More specifically, as shown in FIG. 2, a valve assembly 200 of the backpressure valve 100 may be closed with a movable seat 250 positioned against a stationary valve 225 in order to limit fluid flow out of the coiled tubing 155 and into the well. However, as indicated above, hydraulic pressure pulse communication between the pulse communication tool 170 and the pressure detector 166 may be desirable at times. Thus, as detailed further below, the valve assembly 200 may be opened by application of sufficient hydraulic pressure. This may be initiated by an operator through the fluid pump 164 as the assembly 101 reaches a particular estimated downhole location. Furthermore, once cracked open, the valve assembly 200 may be configured to remain open without any significant throttling thereof As such, pressure communication may reliably proceed between the tool 170 downhole of the backpressure valve 100 and the pressure detector 166 at the surface of the oilfield 115 without interference by the valve assembly 200. In one embodiment, the pressure pulse is generated as an angle between stationary 270 and arm 273 portions of the tool 170 is reduced by a predetermined amount. This manner of pressure pulse communication is described in greater detail below.

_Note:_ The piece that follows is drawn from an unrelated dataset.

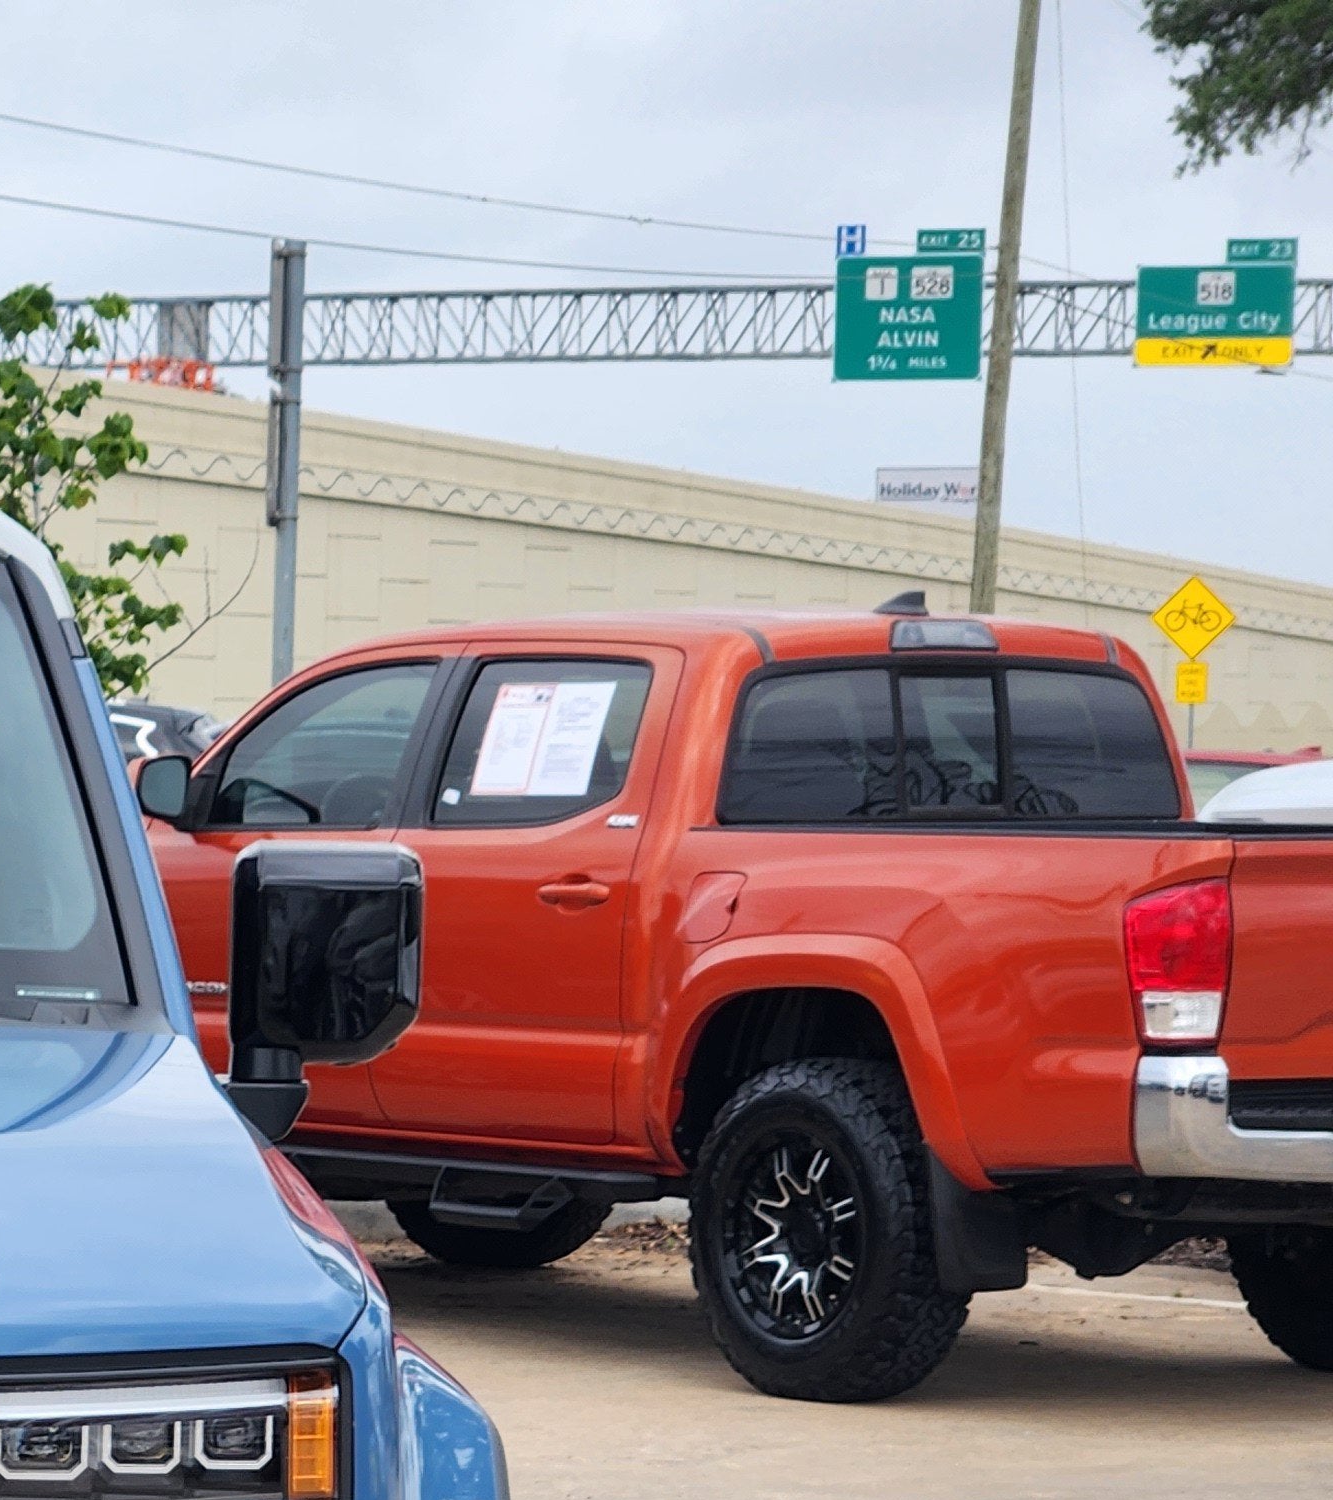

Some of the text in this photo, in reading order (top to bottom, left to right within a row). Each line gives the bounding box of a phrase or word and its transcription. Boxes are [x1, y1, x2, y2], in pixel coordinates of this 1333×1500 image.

Continuing now with reference to FIG. 3, a detailed cross-section of the backpressure valve 100 is depicted, revealing a pressure generating mechanism that may be employed so as to substantially avoid throttling of the valve assembly 200 once opened. In the embodiment shown, the pressure generating mechanism includes a plurality of pressure generating flow-restrictors 300 positioned downhole of the valve assembly 200. However, a variety of alternative types of pressure generating mechanisms may be employed as noted below. Regardless, the pressure generating mechanism is disposed downhole of the valve assembly 200. Thus, pressure may be generated downhole of the valve assembly 200 once the interface 380 of the valve 225 and the seat 250 is opened as shown. In this manner, periodic throttling closure of the interface 380 may be avoided.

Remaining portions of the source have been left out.